Exercise aim
Go through the records and set each one down exactly, skipping any picture.

Records for this exercise
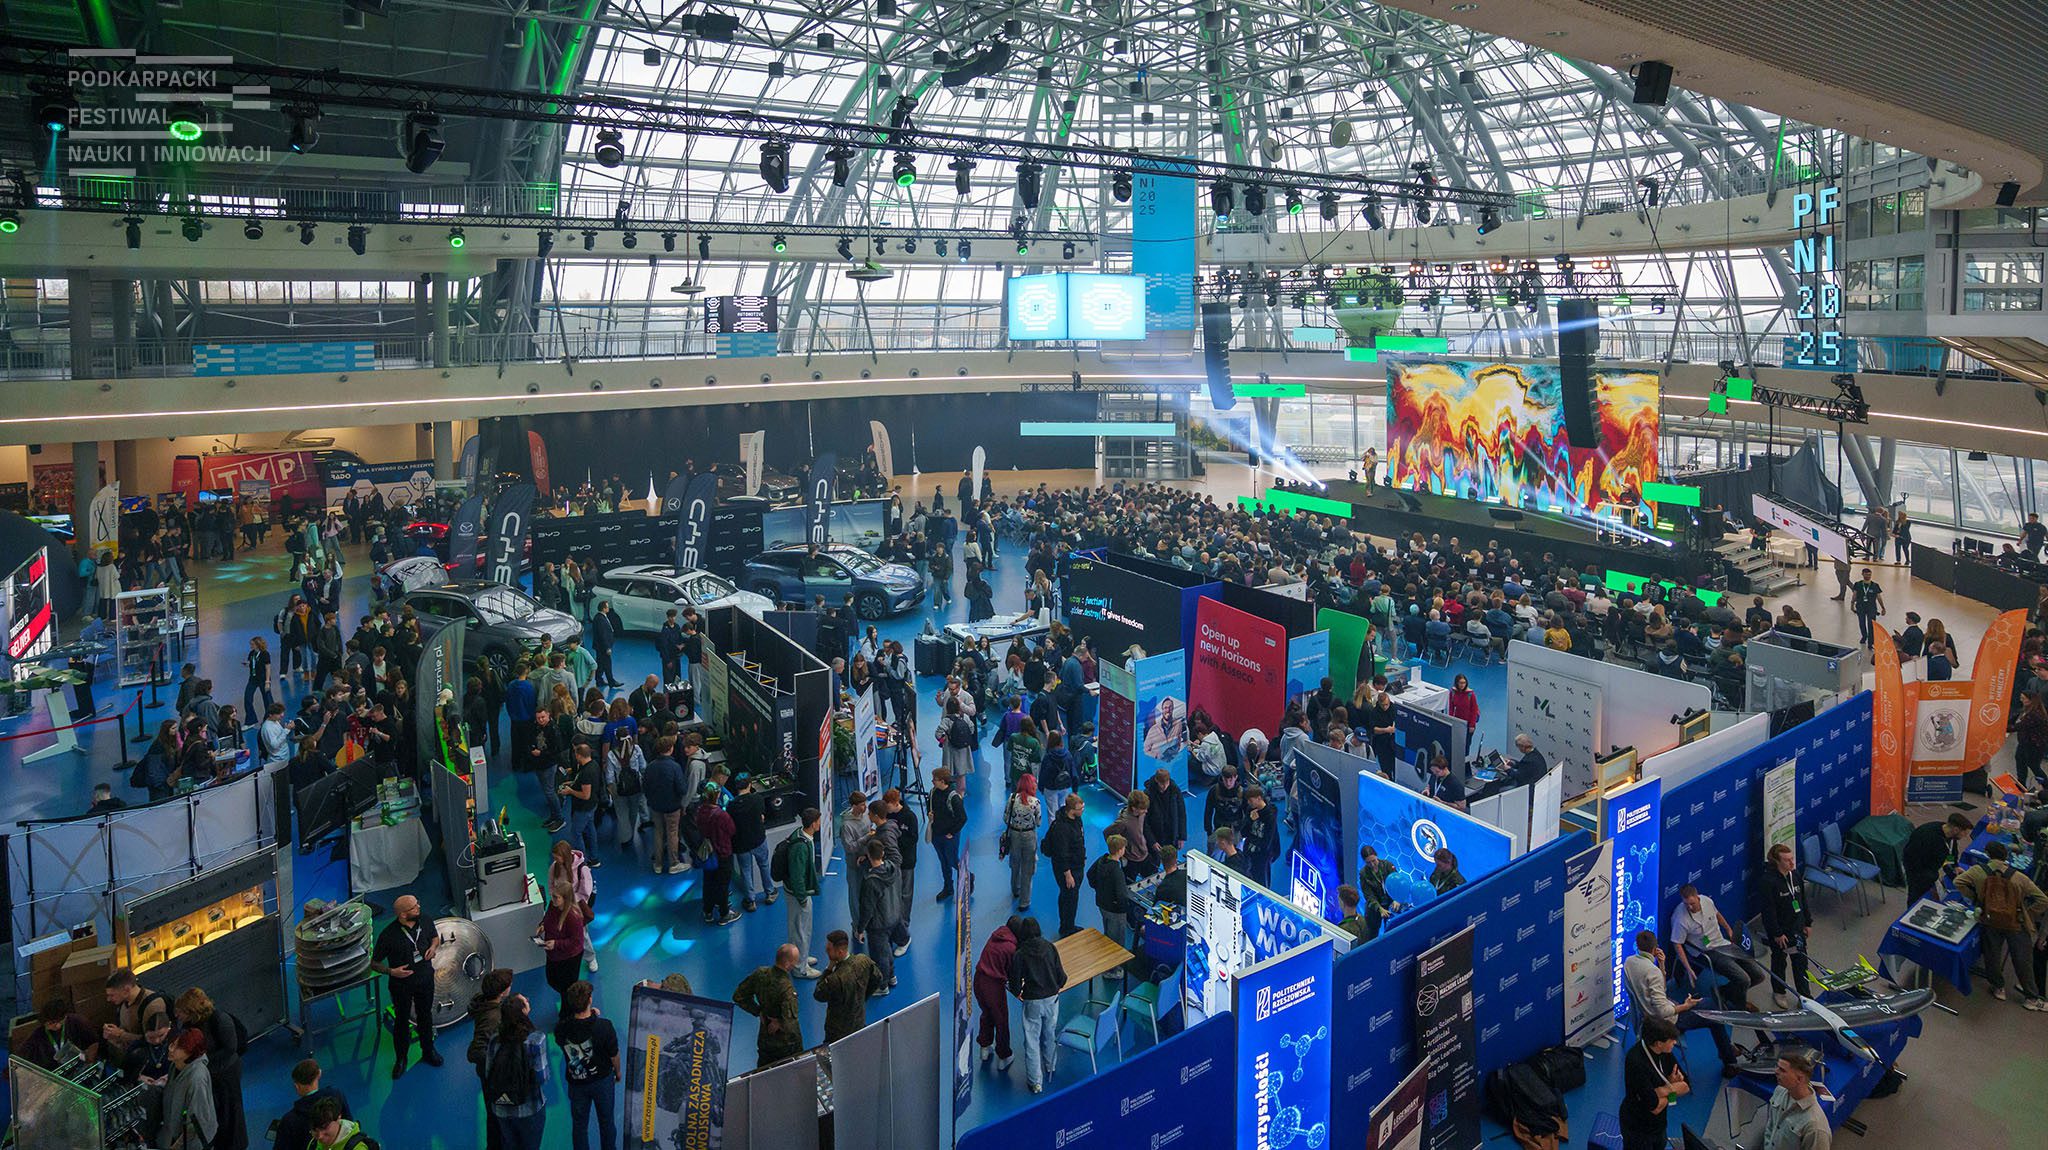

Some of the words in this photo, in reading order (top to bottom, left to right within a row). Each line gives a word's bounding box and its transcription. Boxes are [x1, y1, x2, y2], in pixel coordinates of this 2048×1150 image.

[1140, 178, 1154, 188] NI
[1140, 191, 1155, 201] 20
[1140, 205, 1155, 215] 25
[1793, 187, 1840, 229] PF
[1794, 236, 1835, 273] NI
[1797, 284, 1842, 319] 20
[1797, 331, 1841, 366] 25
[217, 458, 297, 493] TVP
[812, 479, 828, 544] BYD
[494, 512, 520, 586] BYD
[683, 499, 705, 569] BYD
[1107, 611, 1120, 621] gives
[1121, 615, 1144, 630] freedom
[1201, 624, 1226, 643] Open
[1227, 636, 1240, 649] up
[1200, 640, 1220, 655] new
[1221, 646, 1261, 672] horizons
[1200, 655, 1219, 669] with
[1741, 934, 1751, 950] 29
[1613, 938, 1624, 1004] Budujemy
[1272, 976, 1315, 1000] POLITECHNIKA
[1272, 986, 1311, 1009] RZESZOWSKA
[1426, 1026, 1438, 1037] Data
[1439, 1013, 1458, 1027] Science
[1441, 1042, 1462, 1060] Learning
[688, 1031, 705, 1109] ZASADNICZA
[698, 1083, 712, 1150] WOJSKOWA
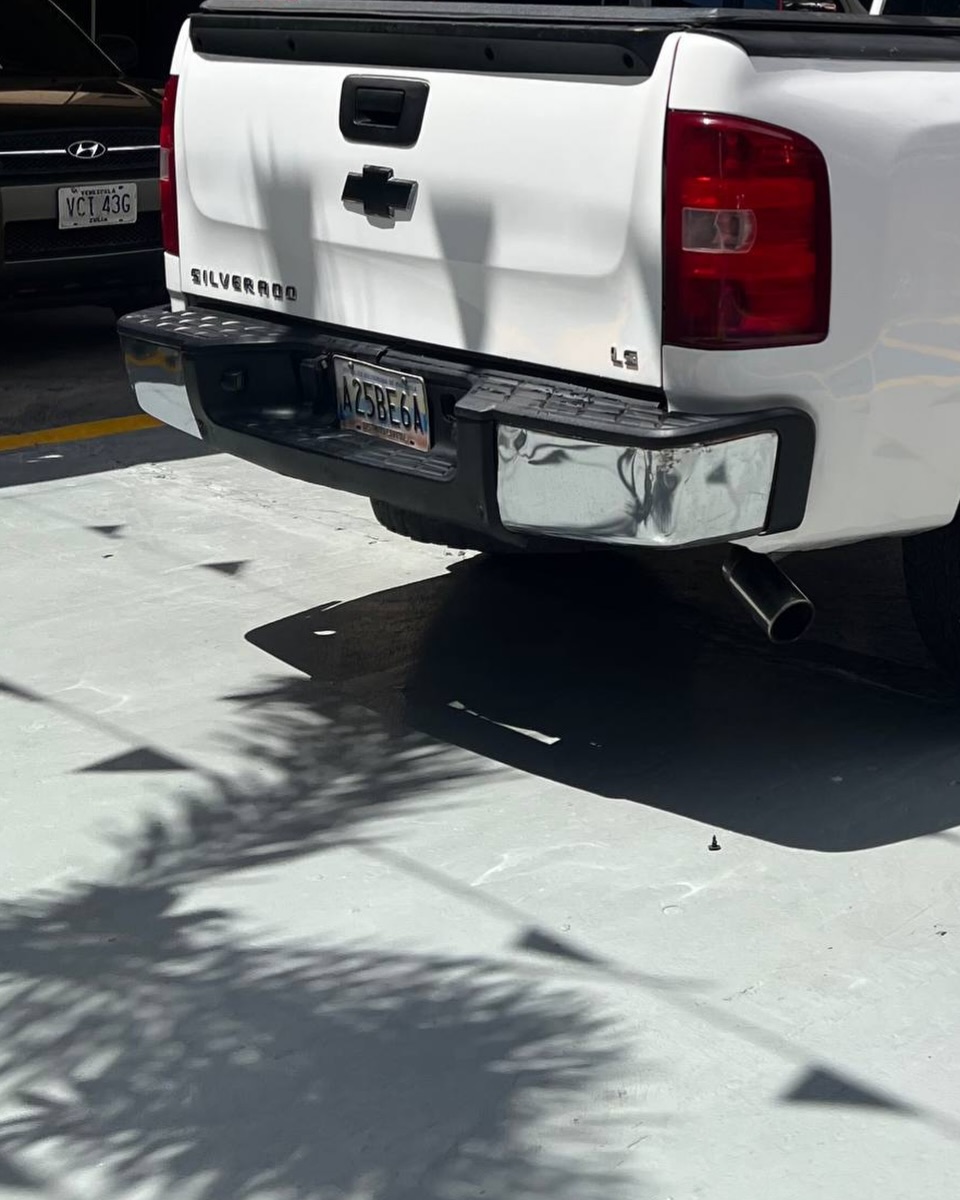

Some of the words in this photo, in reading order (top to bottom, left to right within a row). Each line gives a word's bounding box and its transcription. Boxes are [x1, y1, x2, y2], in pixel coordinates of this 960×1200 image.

Result of this task
Some of the words in this photo, in reading order (top to bottom, left to right within a row). Each line gives a word's bounding box and its transcription. Boxes are [x1, y1, x2, y2], in pixel coordinates of this 2048×1150 image.

[1140, 178, 1154, 188] NI
[1140, 191, 1155, 201] 20
[1140, 205, 1155, 215] 25
[1793, 187, 1840, 229] PF
[1794, 236, 1835, 273] NI
[1797, 284, 1842, 319] 20
[1797, 331, 1841, 366] 25
[217, 458, 297, 493] TVP
[812, 479, 828, 544] BYD
[494, 512, 520, 586] BYD
[683, 499, 705, 569] BYD
[1107, 611, 1120, 621] gives
[1121, 615, 1144, 630] freedom
[1201, 624, 1226, 643] Open
[1227, 636, 1240, 649] up
[1200, 640, 1220, 655] new
[1221, 646, 1261, 672] horizons
[1200, 655, 1219, 669] with
[1741, 934, 1751, 950] 29
[1613, 938, 1624, 1004] Budujemy
[1272, 976, 1315, 1000] POLITECHNIKA
[1272, 986, 1311, 1009] RZESZOWSKA
[1426, 1026, 1438, 1037] Data
[1439, 1013, 1458, 1027] Science
[1441, 1042, 1462, 1060] Learning
[688, 1031, 705, 1109] ZASADNICZA
[698, 1083, 712, 1150] WOJSKOWA

Some of the words in this photo, in reading order (top to bottom, left to right within a row). Each line gives a word's bounding box and its transcription. Boxes are [x1, y1, x2, y2], in pixel coordinates of this 960×1200 image.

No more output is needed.